Upon further investigation, they've discovered NewEgg knew the product was damaged and sold it as open box anyway:

GN stops short of making this accusation, preferring instead to call it "incompetence", but this situation clearly implies the possibility that NewEgg is knowingly selling their damaged items as Open Box, then rejecting the returns so that the customer is stuck with the broken product.

UFD Tech has apparently been struggling with NewEgg for some time, over unpaid video sponsorships and a charity stream prize that they failed to deliver, which he kept quiet about until the GN debacle:

Here's a fun ebay listing: https://www.ebay.com/itm/25537810710...

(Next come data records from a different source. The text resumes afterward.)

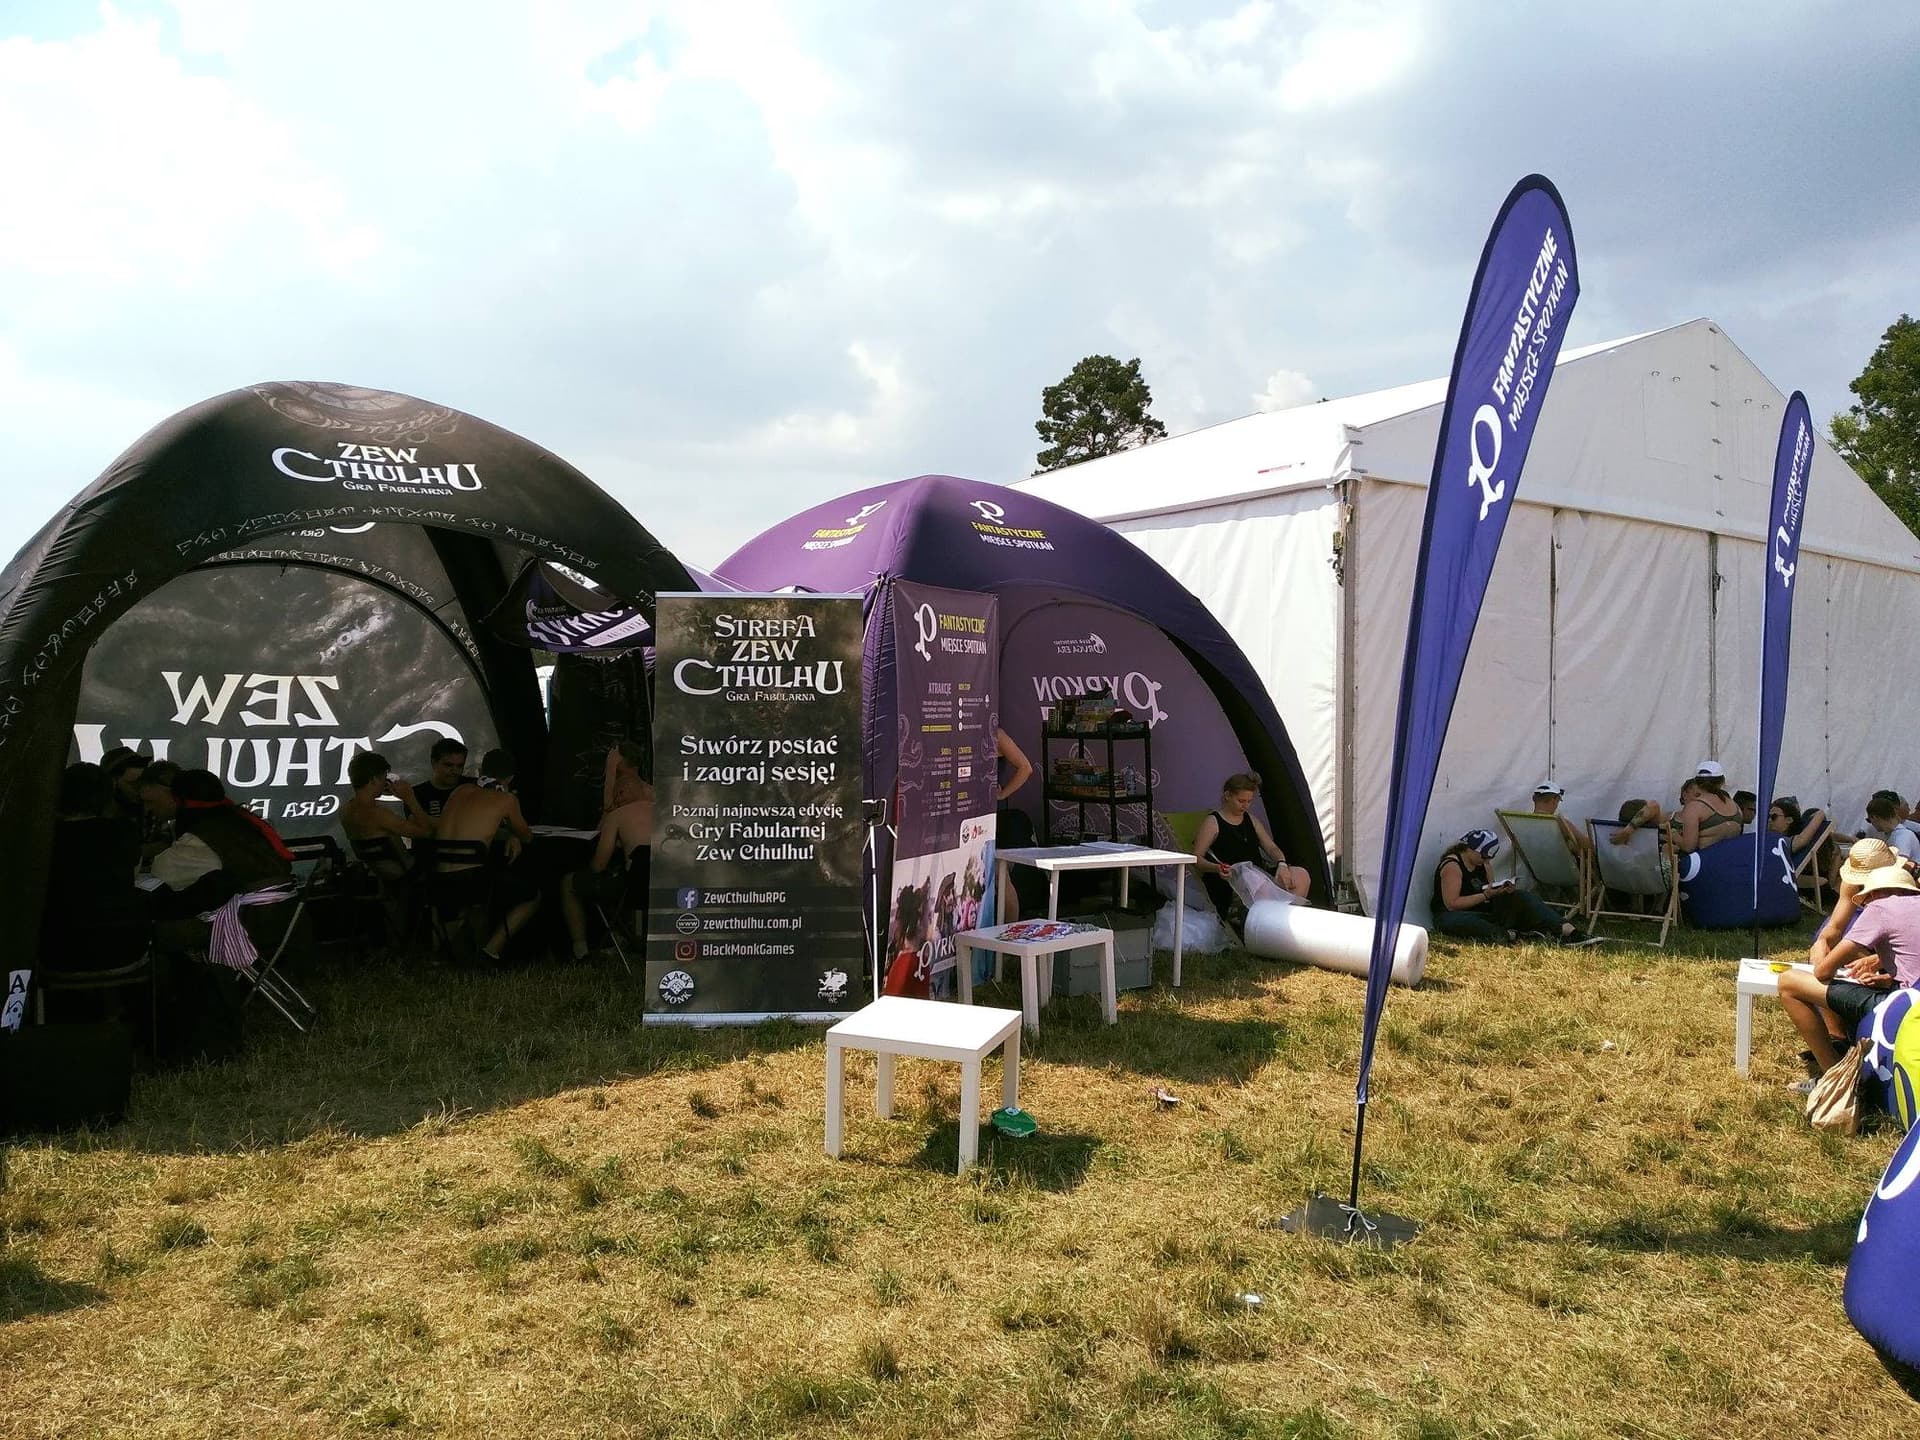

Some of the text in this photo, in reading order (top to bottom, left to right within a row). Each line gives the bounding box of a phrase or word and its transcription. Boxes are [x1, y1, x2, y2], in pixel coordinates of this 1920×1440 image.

[1492, 228, 1558, 405] FANTASTYCZNE
[1508, 258, 1569, 431] MIEJSCE SPOTKAŃ
[337, 442, 417, 464] ZEW
[272, 448, 482, 491] CTHULHU
[971, 521, 1046, 539] FANTASTYCZNE
[714, 614, 816, 638] STREFA
[939, 614, 985, 634] FANTASTYCZNE
[731, 639, 799, 662] ZEW
[673, 658, 844, 695] CTHULHU
[726, 690, 816, 702] GRA FABULARNA
[680, 735, 838, 758] Stwórz postać
[683, 761, 836, 785] i zagraj sesję!
[672, 803, 844, 819] Poznaj najnowszą edycję
[689, 822, 826, 841] Gry Fabularnej
[696, 844, 814, 861] Zew Cthulhu!
[704, 891, 786, 904] ZewCthulhuRPG
[703, 916, 802, 930] zewcthulhu.com.pl
[702, 943, 795, 957] BlackMonkGames
[914, 935, 957, 981] PYRK
[661, 972, 692, 987] BLACK
[662, 991, 692, 1004] MONK
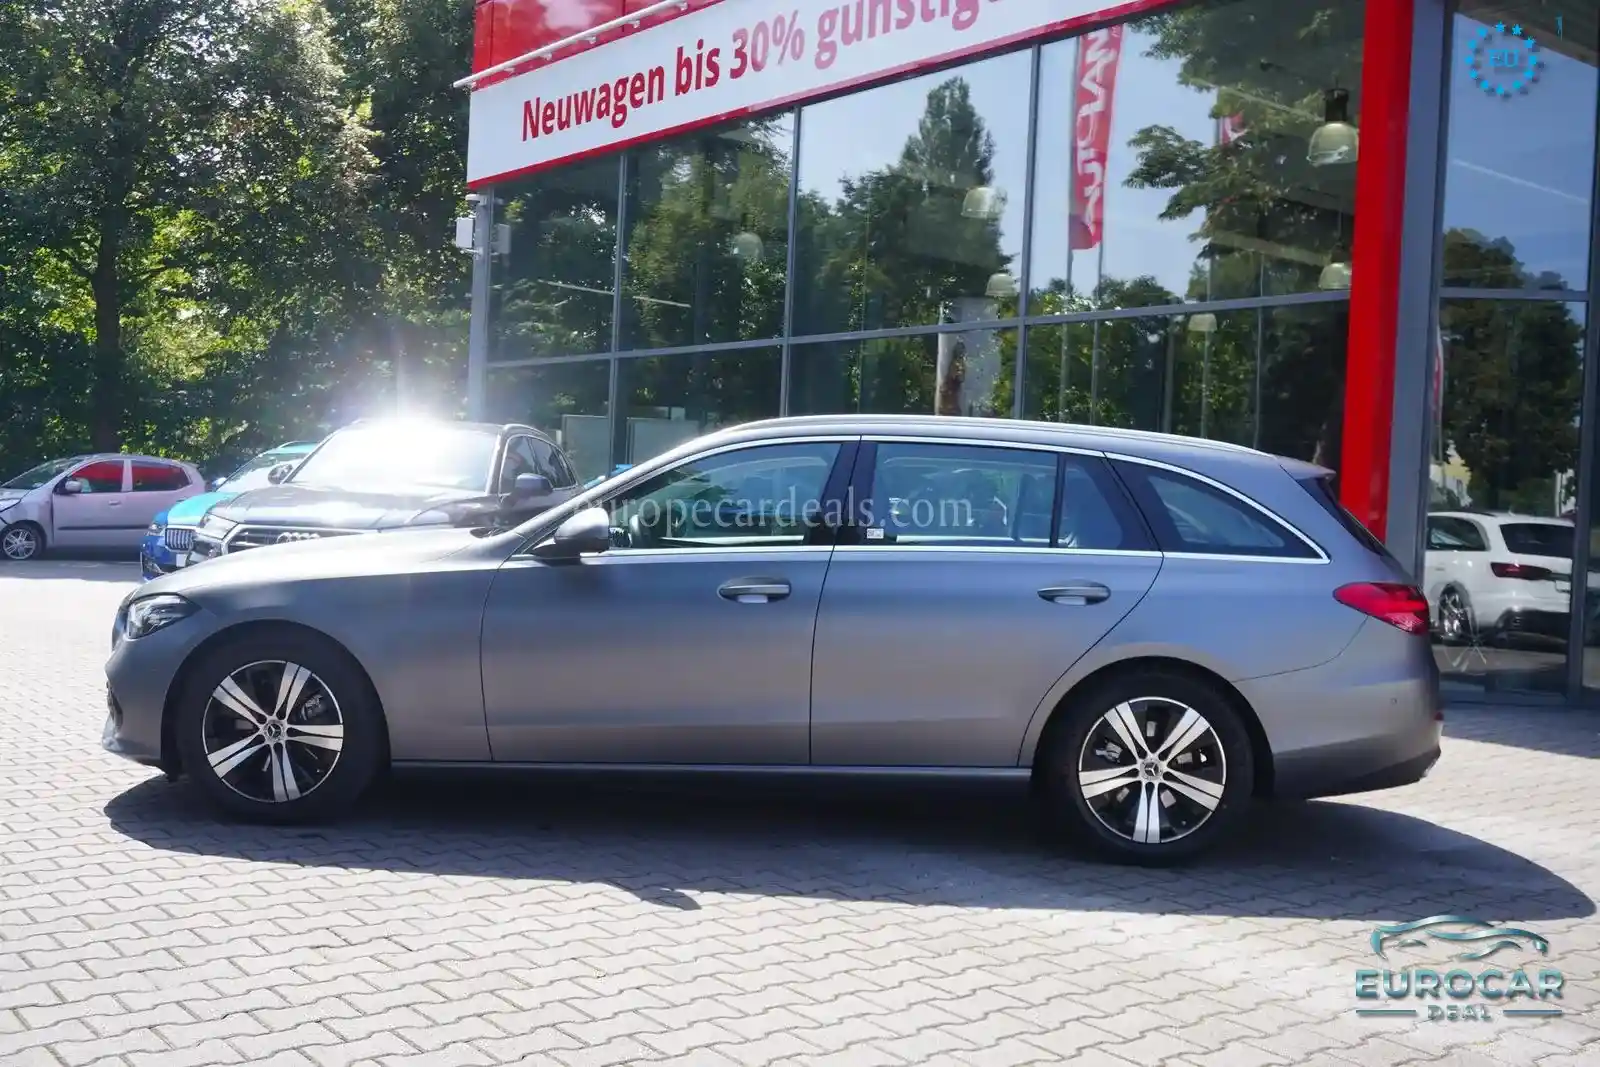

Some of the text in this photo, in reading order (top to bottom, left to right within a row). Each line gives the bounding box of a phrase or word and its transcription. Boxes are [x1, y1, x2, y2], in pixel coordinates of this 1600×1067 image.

[522, 66, 665, 141] Neuwagen
[675, 39, 721, 96] bis
[730, 11, 805, 80] 30%

Open box, new condition with no wear!

The Newegg thing is pretty disheartening because, for obvious reasons, I'd rather by from a reputable vendor with good return and replacement policies.

I saw a social media post from Newegg doing damage control and accepting responsibility but claiming it was accidental.

Who knows. I’m pretty happy at this point buying from Amazon when I can and from Newegg if I have to.

But in general the whole process I’m fairly soured on. I’m recommending more and more to buy prebuilts.

polq37 wrote:

Here's a fun ebay listing: https://www.ebay.com/itm/25537810710...

Open box, new condition with no wear!

I reported it. I doubt it does anything but claiming "like new" on used stuff is a big pet peeve of mine.

It's been quite the journey but here I am installing Windows now! Yay!

I changed the case to a Define 7 instead of the 7 Compact, more room. Went with a 280 cooler front mounted, and 2 140s at the top with an open mesh airflow setup.